Stored entries:
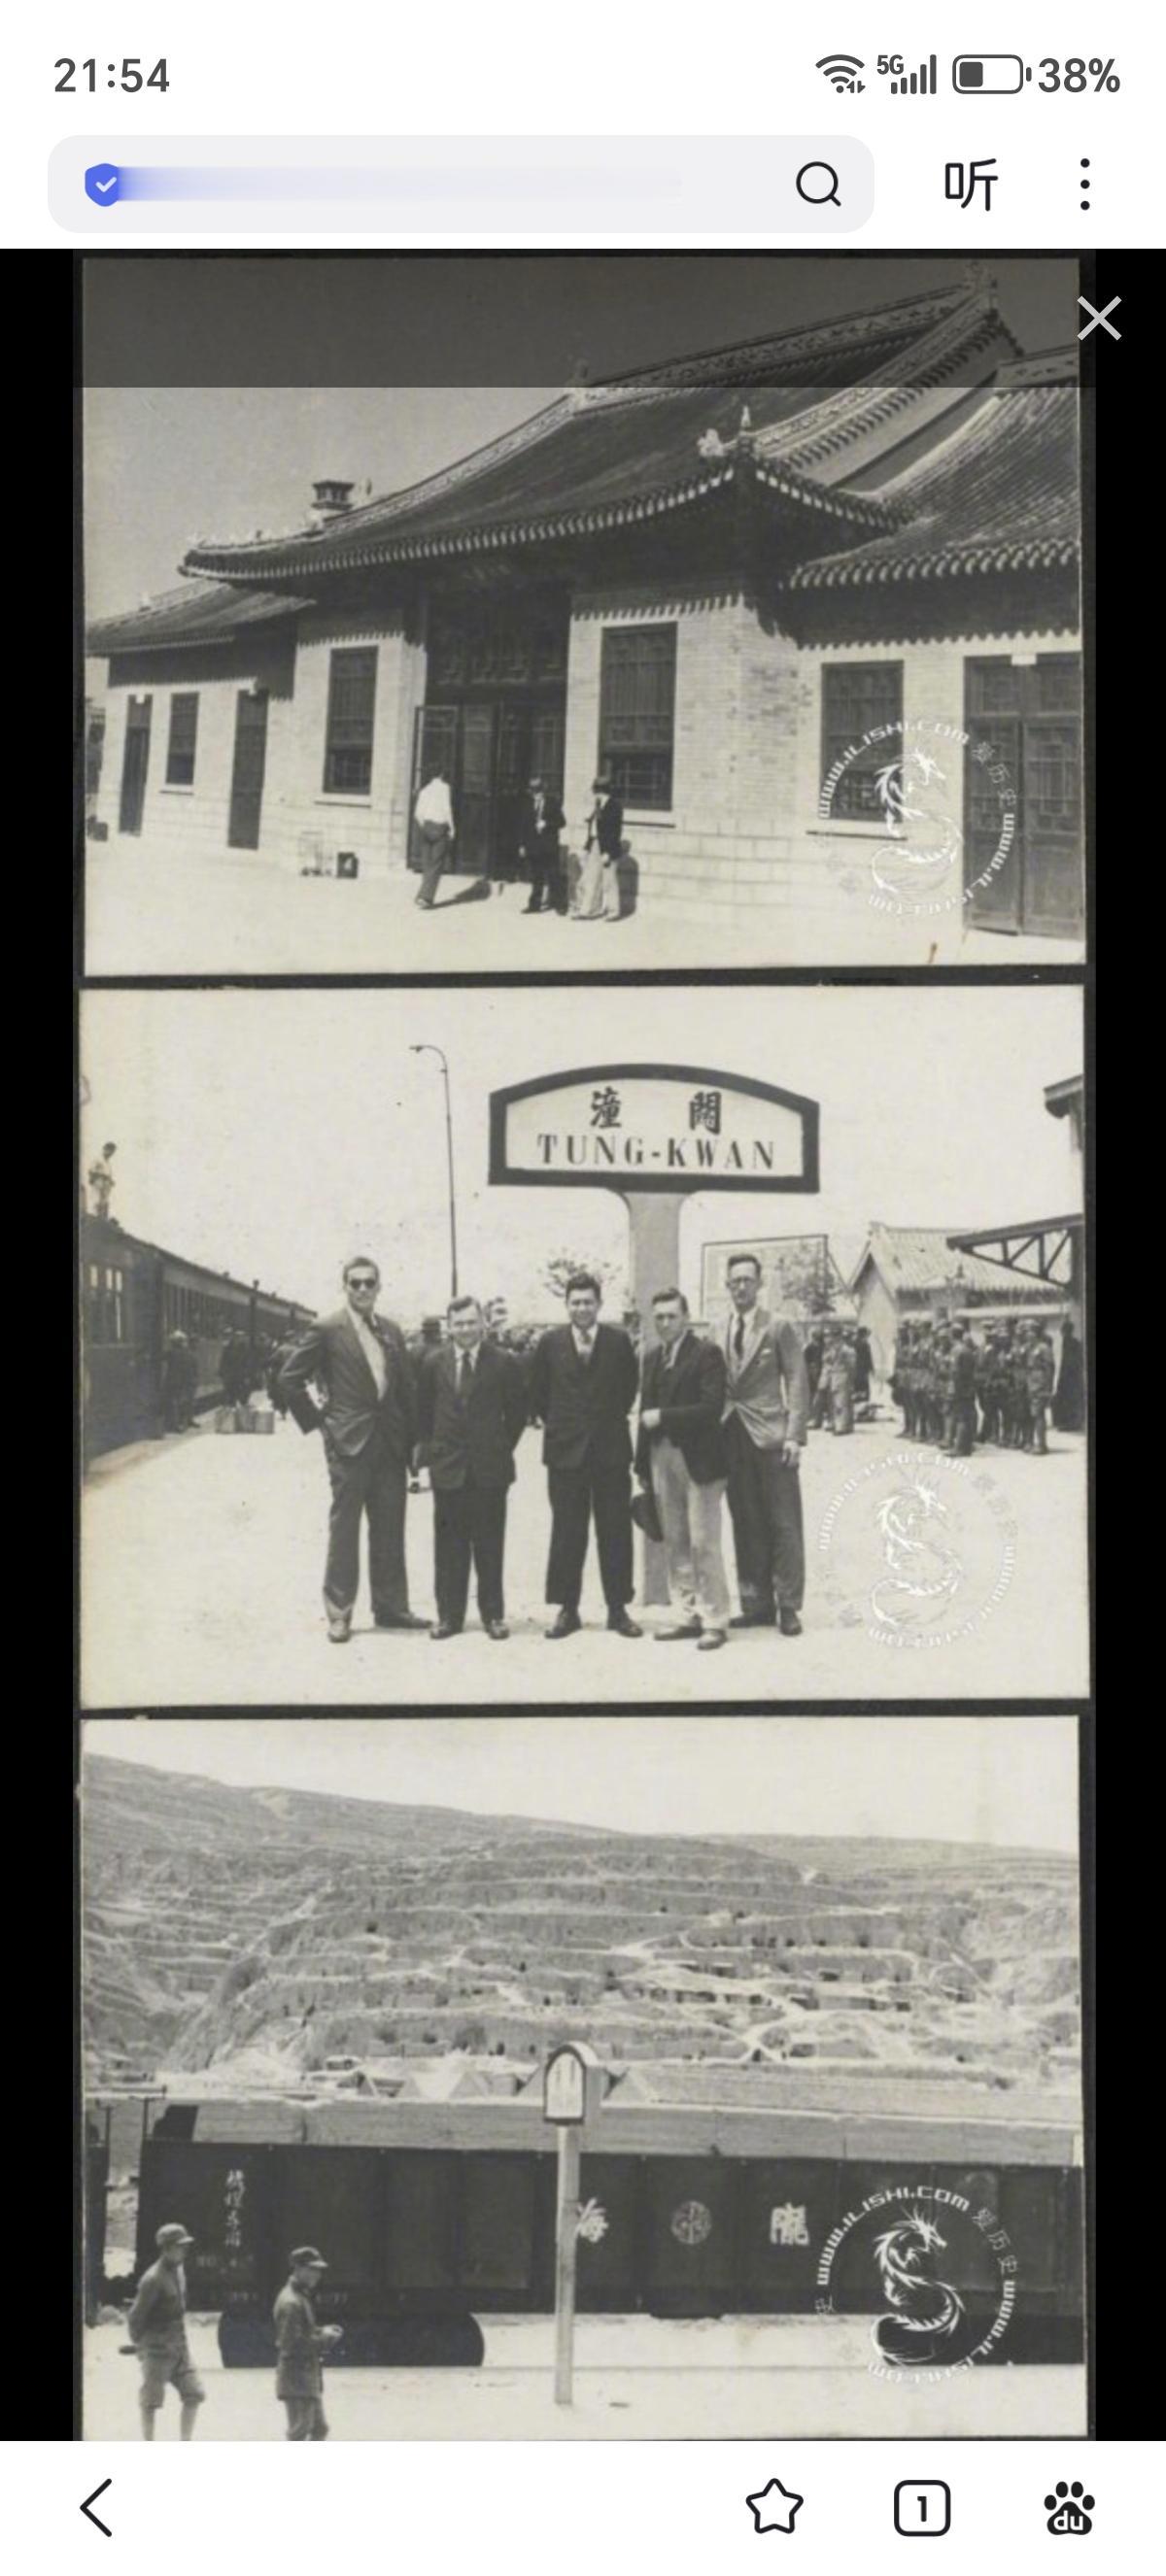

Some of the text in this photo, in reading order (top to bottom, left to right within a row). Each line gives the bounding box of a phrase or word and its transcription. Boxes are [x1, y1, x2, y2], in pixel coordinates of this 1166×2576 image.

[54, 58, 169, 92] 21:54
[876, 54, 905, 76] 5G
[1039, 58, 1120, 92] 38%
[944, 158, 999, 212] 听
[536, 1133, 775, 1170] TUNG-KWAN
[916, 2495, 928, 2523] 1
[1052, 2510, 1084, 2531] du

_EXERCISE GOAL_
What is needed is an exact copy of the data, with the pictures removed.

_REPLY_
Some of the text in this photo, in reading order (top to bottom, left to right within a row). Each line gives the bounding box of a phrase or word and its transcription. Boxes are [x1, y1, x2, y2], in pixel coordinates of this 1166×2576 image.

[54, 58, 169, 92] 21:54
[876, 54, 905, 76] 5G
[1039, 58, 1120, 92] 38%
[944, 158, 999, 212] 听
[536, 1133, 775, 1170] TUNG-KWAN
[916, 2495, 928, 2523] 1
[1052, 2510, 1084, 2531] du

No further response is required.